The chunk querying is executed by specifying the following parameters: collection_id, query_text, top_k, and score_threshold.

  • collection_id: The identifier of the collection to query.
  • query_text: The text query used to retrieve relevant chunks.
  • top_k: The number of top chunks to return.
  • score_threshold (Optional): The minimum score required for a chunk to be considered relevant. This should be set as a float value between 0 and 1.
  • max_tokens (Optional): The maximum number of tokens to return in the chunk. This is useful for limiting the size of the returned chunks.
# query chunks
chunks = taskingai.retrieval.query_chunks(
collection_id=collection.collection_id,
query_text="Basketball",
top_k=10,
score_threshold=0.2,
max_tokens=500,
)

The result should be related to basketball, so it is expected to contain chunks from record 2 (Michael Jordan).

Best Practices

Document Quality: It is crucial to maintain high-quality text documents. Ensure that your documents are well-structured and free from errors. This ensures optimal results as the system relies heavily on the quality of text data for accurate processing and retrieval.

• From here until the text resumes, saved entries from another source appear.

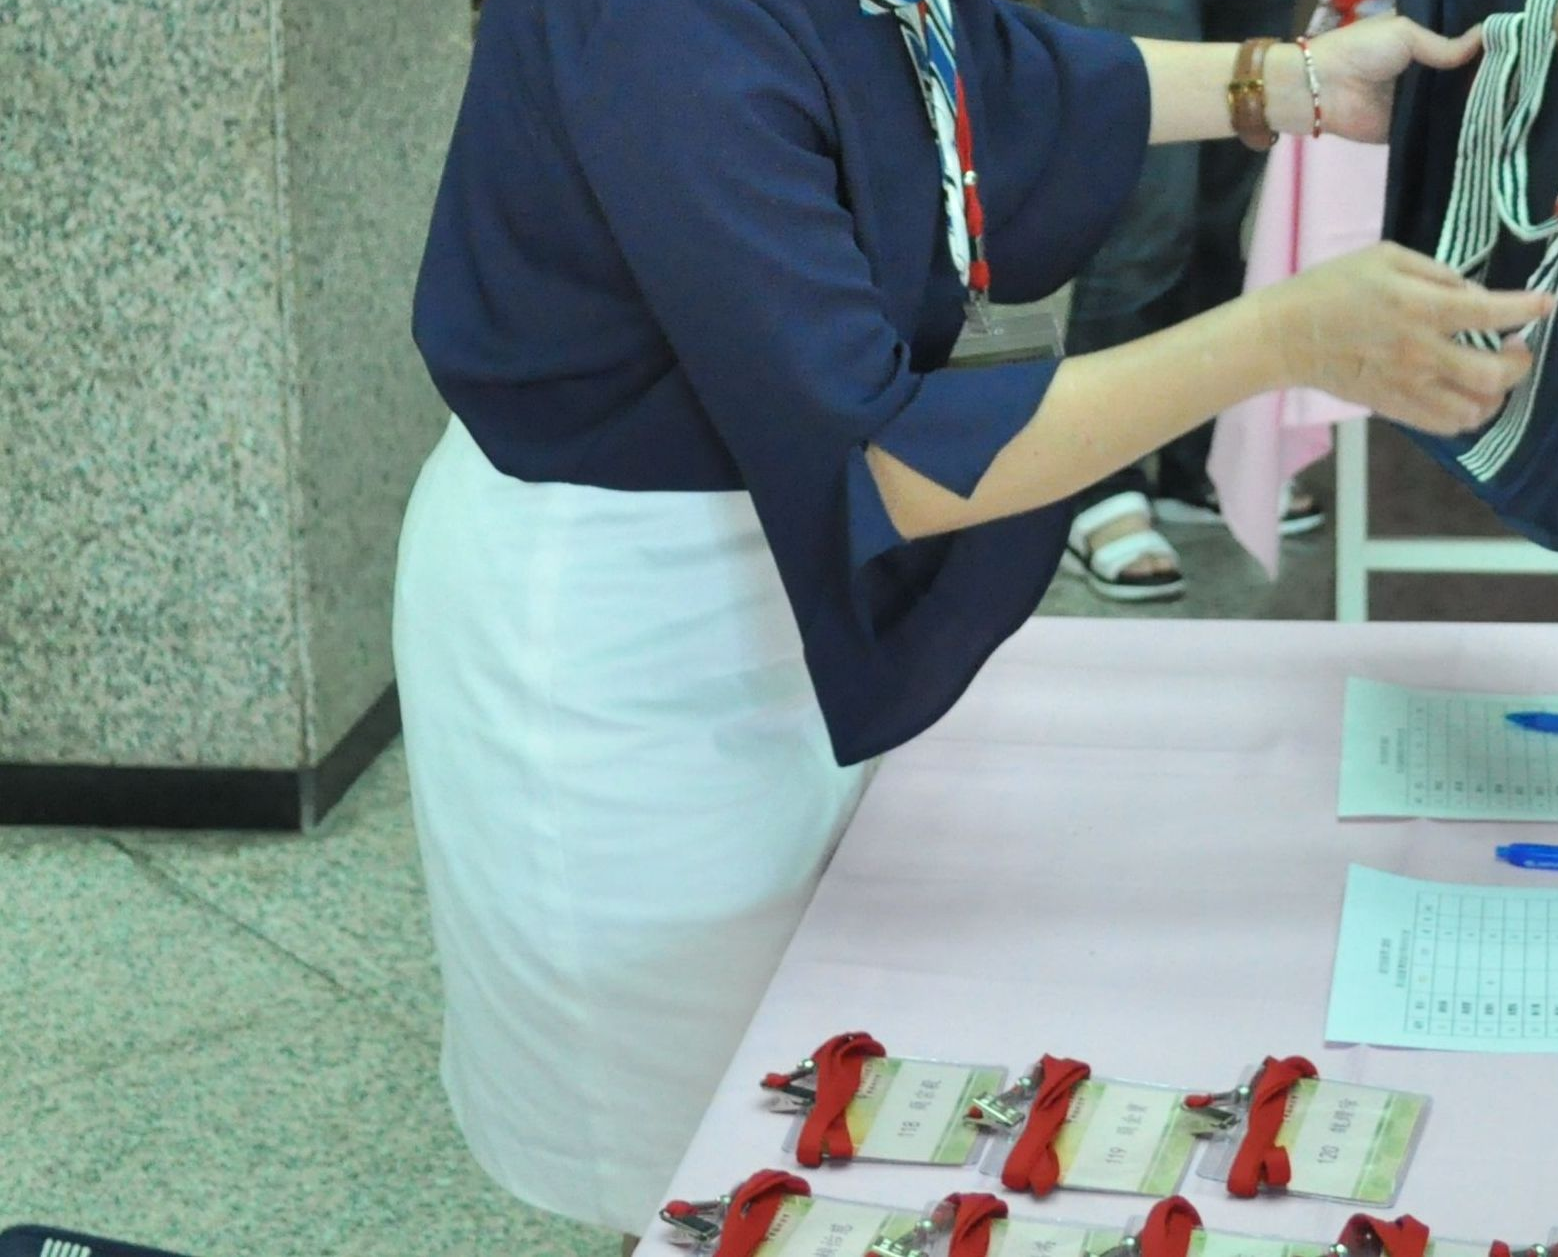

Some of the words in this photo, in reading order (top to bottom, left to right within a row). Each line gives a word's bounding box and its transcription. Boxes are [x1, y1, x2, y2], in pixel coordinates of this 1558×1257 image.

[897, 1121, 921, 1137] 118
[1104, 1146, 1127, 1164] 119
[1317, 1145, 1339, 1164] 120
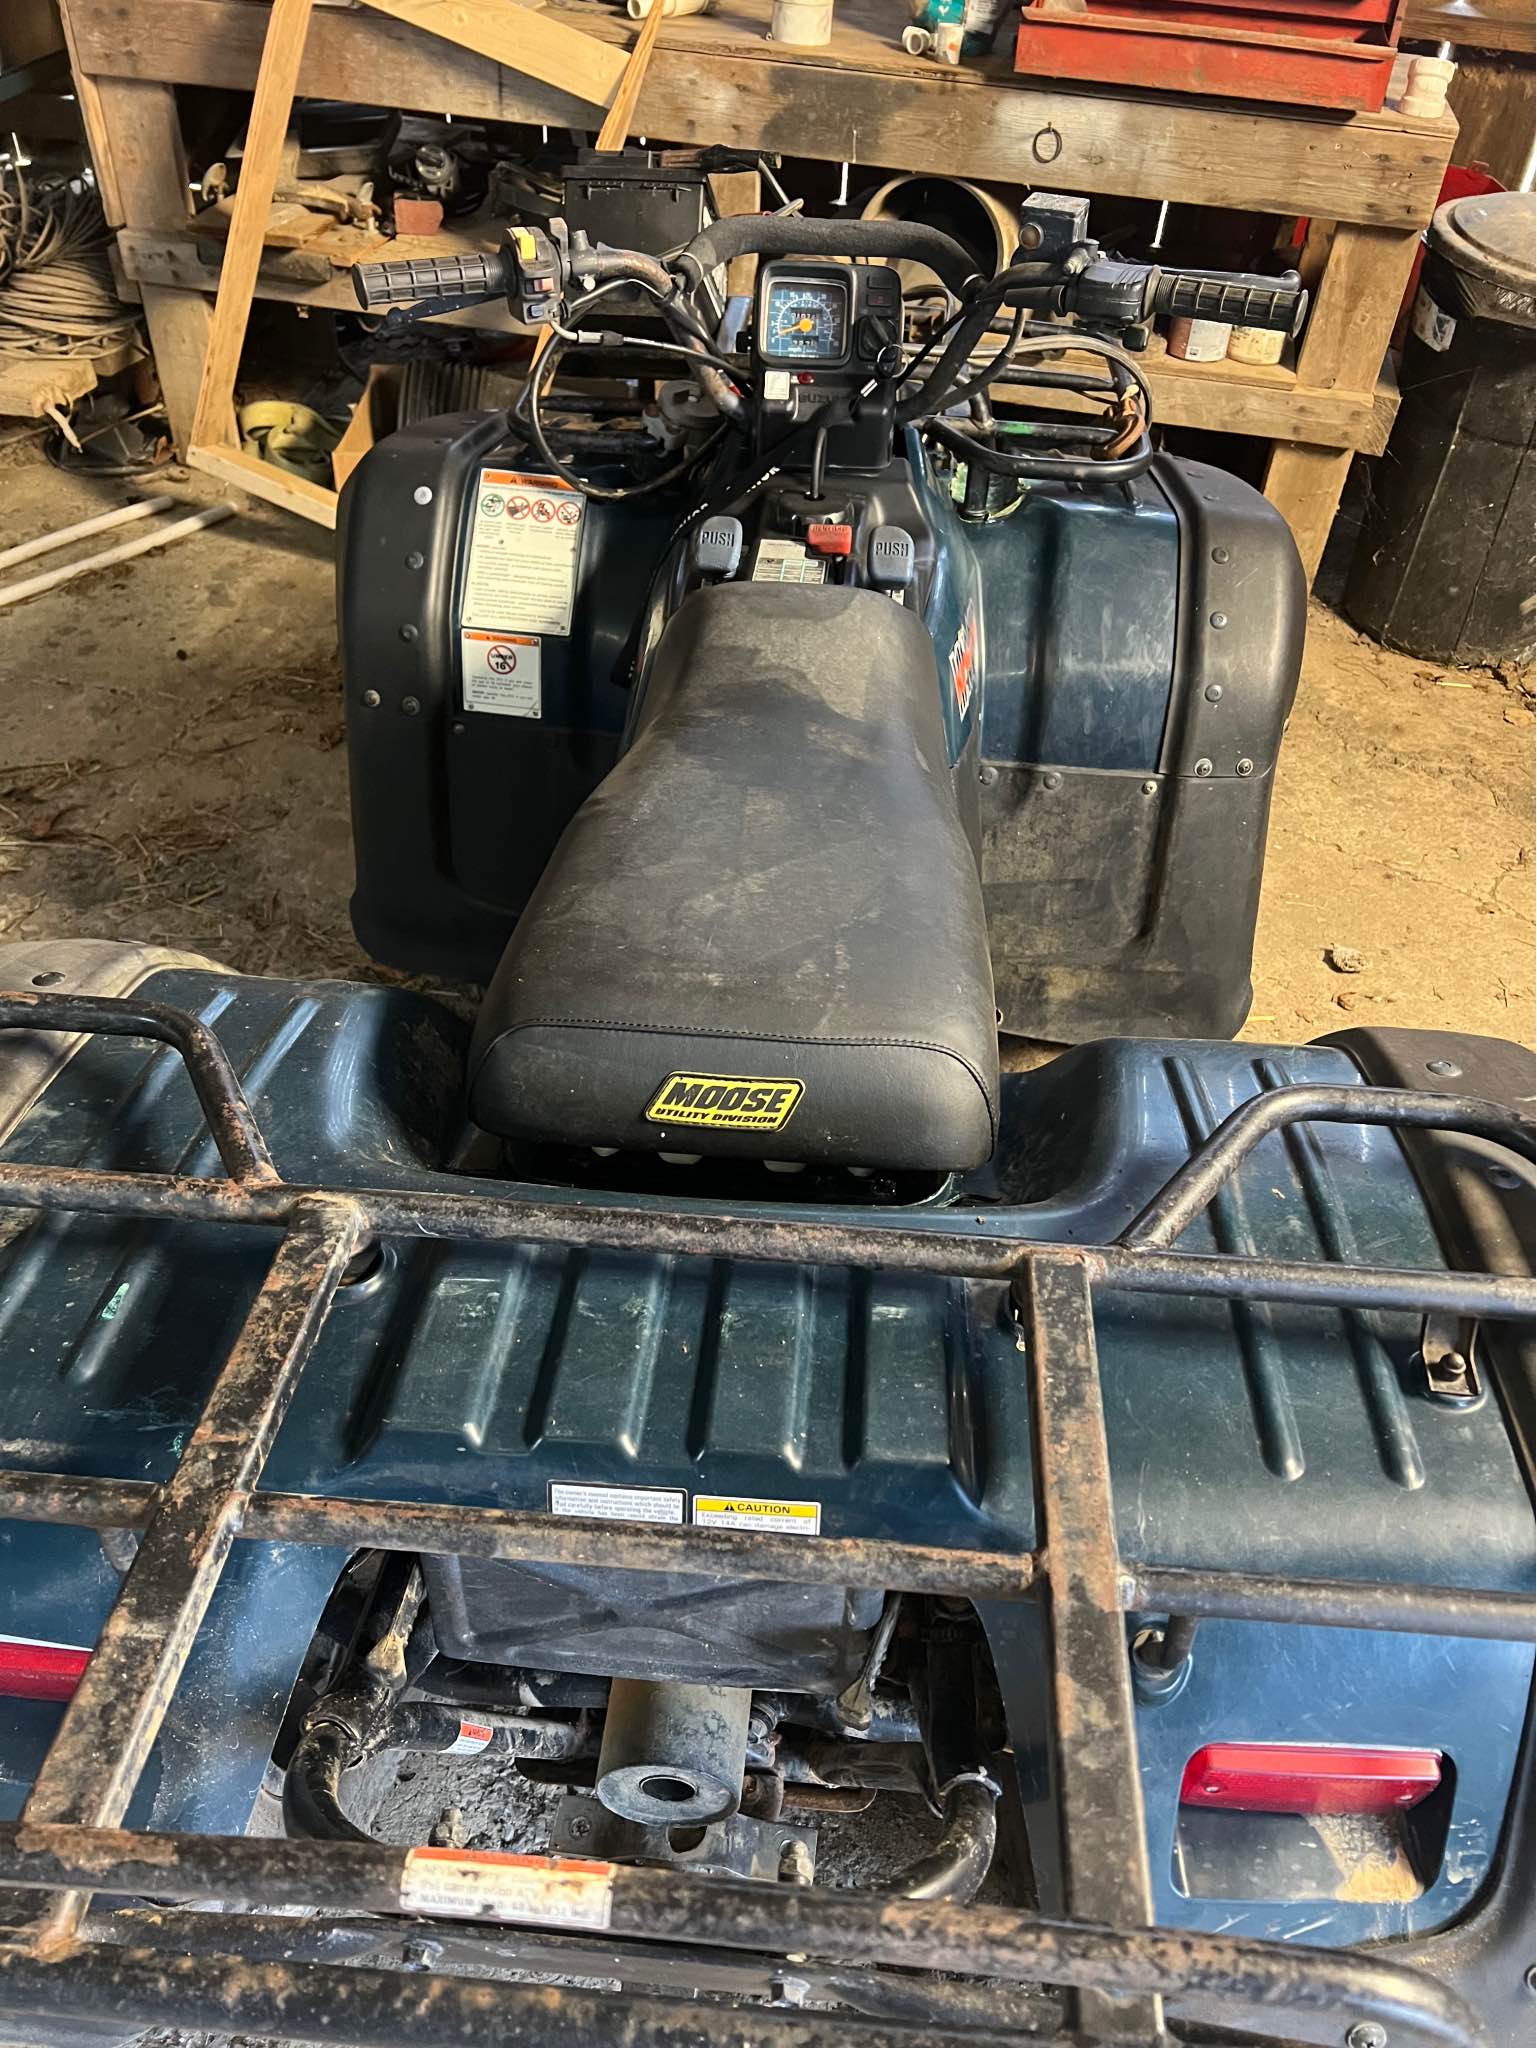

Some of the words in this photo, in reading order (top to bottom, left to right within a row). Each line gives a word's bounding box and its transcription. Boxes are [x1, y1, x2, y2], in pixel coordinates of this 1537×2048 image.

[702, 530, 735, 547] PUSH
[875, 541, 909, 557] PUSH
[495, 661, 507, 670] 16
[661, 1081, 793, 1113] MOOSE
[655, 1107, 710, 1120] UTILITY
[711, 1113, 778, 1124] DIVISION
[701, 1512, 738, 1521] Exceeding
[737, 1503, 791, 1514] CAUTION

Regular Updates: Keeping your knowledge base current is vital. Regularly update your collection with new and relevant information to maintain its relevance and accuracy. This helps the system to provide the most current and applicable results in response to queries.

Avoid Duplicate Records: Be cautious not to add duplicate records to your collection. Duplicate entries can lead to decreased performance and efficiency in the retrieval system. It can cause redundancy in the search results, making it harder to find unique and relevant information quickly.